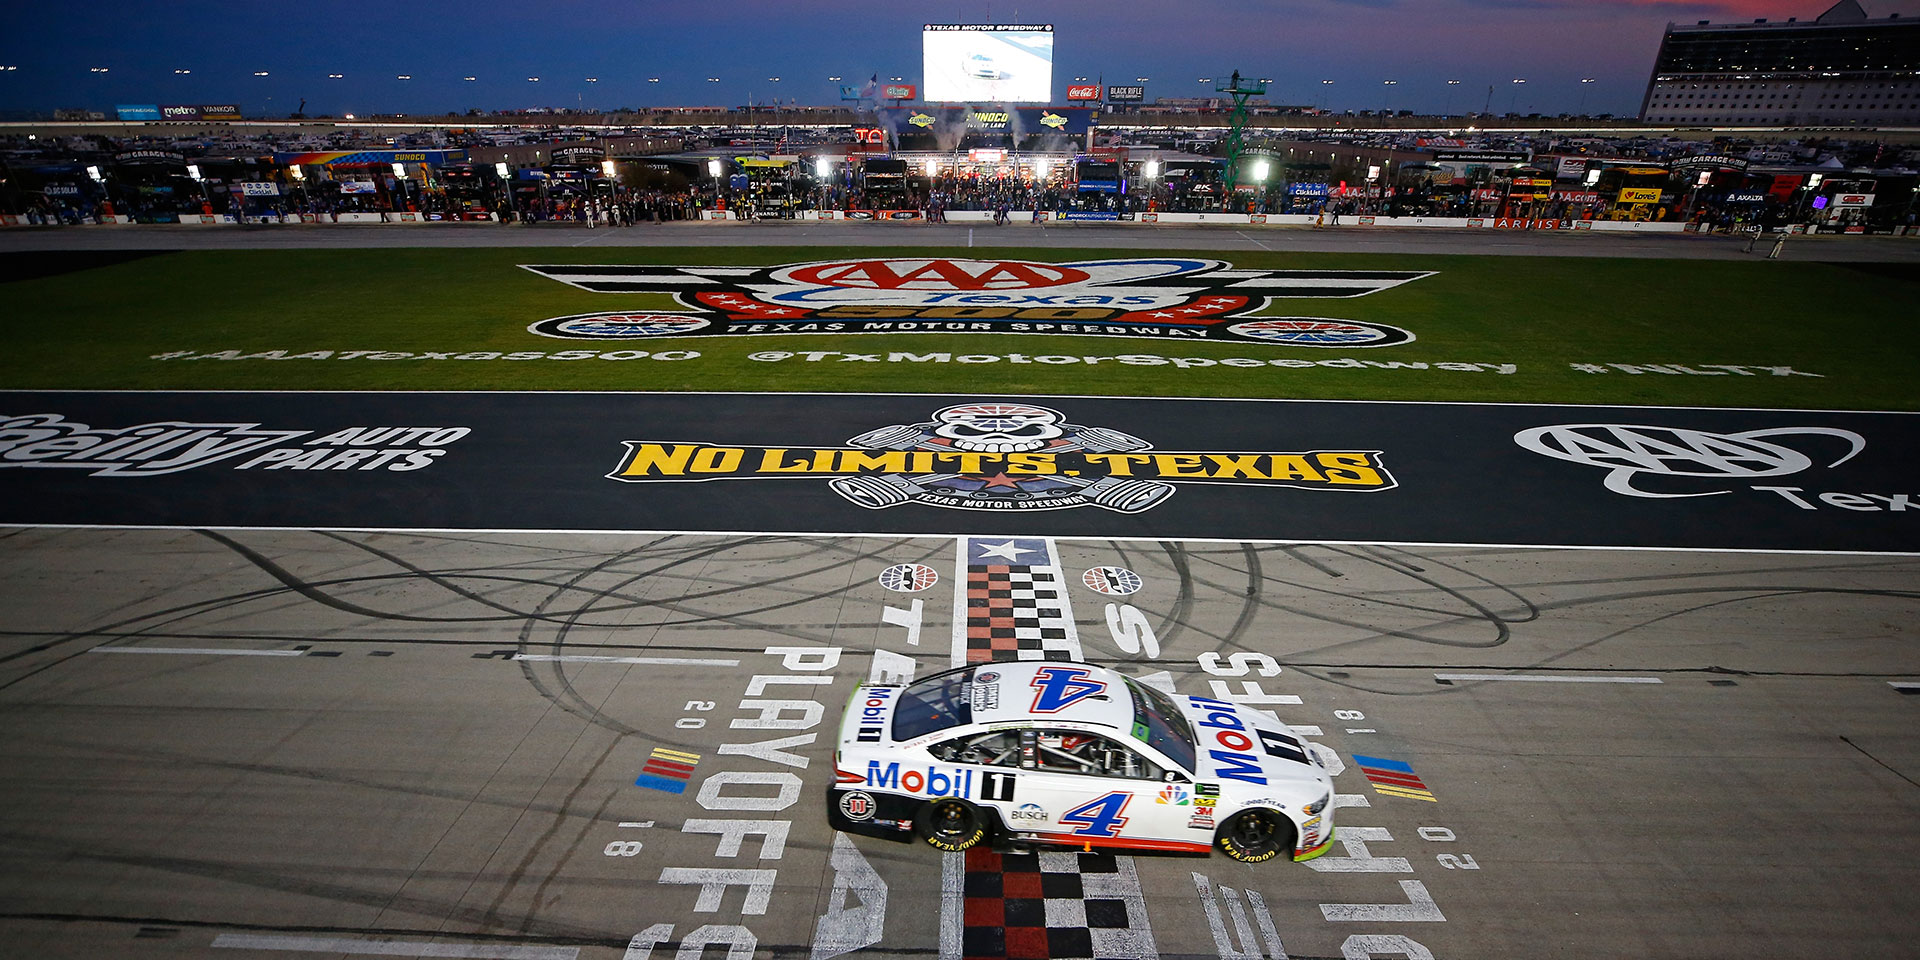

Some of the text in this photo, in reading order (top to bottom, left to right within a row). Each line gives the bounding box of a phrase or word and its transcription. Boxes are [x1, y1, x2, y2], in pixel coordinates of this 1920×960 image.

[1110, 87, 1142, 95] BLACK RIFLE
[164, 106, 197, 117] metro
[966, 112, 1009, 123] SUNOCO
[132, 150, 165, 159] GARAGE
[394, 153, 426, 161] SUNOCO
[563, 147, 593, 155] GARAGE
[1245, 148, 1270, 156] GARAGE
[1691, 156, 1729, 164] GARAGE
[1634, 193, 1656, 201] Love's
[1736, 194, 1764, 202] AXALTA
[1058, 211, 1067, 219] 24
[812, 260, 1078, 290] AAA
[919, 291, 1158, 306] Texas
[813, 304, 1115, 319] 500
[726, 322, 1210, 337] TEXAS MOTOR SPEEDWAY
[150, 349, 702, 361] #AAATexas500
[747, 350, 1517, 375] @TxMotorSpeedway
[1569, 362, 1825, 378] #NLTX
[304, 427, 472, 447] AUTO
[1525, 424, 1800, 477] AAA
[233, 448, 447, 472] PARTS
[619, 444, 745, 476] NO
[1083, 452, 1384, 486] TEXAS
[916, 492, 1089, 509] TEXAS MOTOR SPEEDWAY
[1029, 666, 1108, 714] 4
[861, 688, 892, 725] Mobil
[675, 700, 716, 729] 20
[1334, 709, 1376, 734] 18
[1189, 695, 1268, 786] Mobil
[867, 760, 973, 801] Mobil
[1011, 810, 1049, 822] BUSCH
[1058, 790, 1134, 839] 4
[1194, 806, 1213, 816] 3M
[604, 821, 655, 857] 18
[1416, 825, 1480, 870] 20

========================================================================

Each line of the data must be transcribed exactly; pictures are not carried over.

**Reply:**
Some of the text in this photo, in reading order (top to bottom, left to right within a row). Each line gives the bounding box of a phrase or word and its transcription. Boxes are [x1, y1, x2, y2], in pixel coordinates of this 1920×960 image.

[1110, 87, 1142, 95] BLACK RIFLE
[164, 106, 197, 117] metro
[966, 112, 1009, 123] SUNOCO
[132, 150, 165, 159] GARAGE
[394, 153, 426, 161] SUNOCO
[563, 147, 593, 155] GARAGE
[1245, 148, 1270, 156] GARAGE
[1691, 156, 1729, 164] GARAGE
[1634, 193, 1656, 201] Love's
[1736, 194, 1764, 202] AXALTA
[1058, 211, 1067, 219] 24
[812, 260, 1078, 290] AAA
[919, 291, 1158, 306] Texas
[813, 304, 1115, 319] 500
[726, 322, 1210, 337] TEXAS MOTOR SPEEDWAY
[150, 349, 702, 361] #AAATexas500
[747, 350, 1517, 375] @TxMotorSpeedway
[1569, 362, 1825, 378] #NLTX
[304, 427, 472, 447] AUTO
[1525, 424, 1800, 477] AAA
[233, 448, 447, 472] PARTS
[619, 444, 745, 476] NO
[1083, 452, 1384, 486] TEXAS
[916, 492, 1089, 509] TEXAS MOTOR SPEEDWAY
[1029, 666, 1108, 714] 4
[861, 688, 892, 725] Mobil
[675, 700, 716, 729] 20
[1334, 709, 1376, 734] 18
[1189, 695, 1268, 786] Mobil
[867, 760, 973, 801] Mobil
[1011, 810, 1049, 822] BUSCH
[1058, 790, 1134, 839] 4
[1194, 806, 1213, 816] 3M
[604, 821, 655, 857] 18
[1416, 825, 1480, 870] 20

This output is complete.